■ EXERCISE MATERIALS:
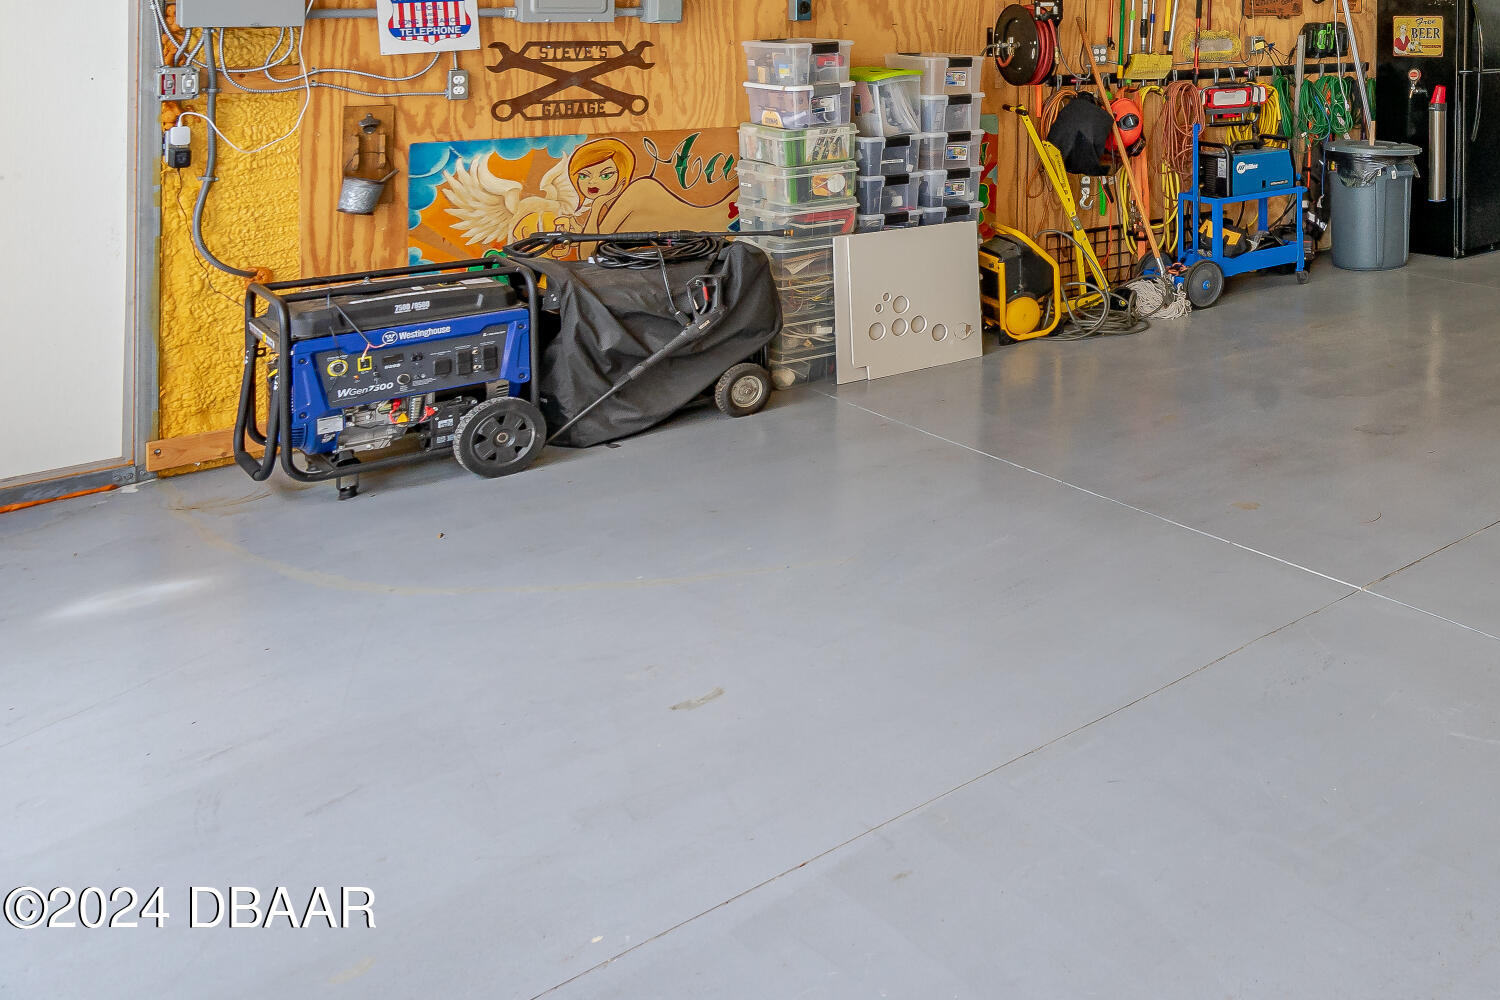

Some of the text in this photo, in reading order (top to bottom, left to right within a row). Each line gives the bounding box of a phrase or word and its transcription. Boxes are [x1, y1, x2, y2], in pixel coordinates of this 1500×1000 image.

[400, 26, 462, 36] TELEPHONE
[1411, 27, 1441, 39] BEER
[539, 45, 608, 60] STEVE'S
[541, 100, 607, 116] GARAGE
[399, 325, 451, 340] Westinghouse

■ WHAT TO DO:
Leave the pictures out and restate the listing word for word.

■ EXERCISE RESPONSE:
Some of the text in this photo, in reading order (top to bottom, left to right within a row). Each line gives the bounding box of a phrase or word and its transcription. Boxes are [x1, y1, x2, y2], in pixel coordinates of this 1500×1000 image.

[400, 26, 462, 36] TELEPHONE
[1411, 27, 1441, 39] BEER
[539, 45, 608, 60] STEVE'S
[541, 100, 607, 116] GARAGE
[399, 325, 451, 340] Westinghouse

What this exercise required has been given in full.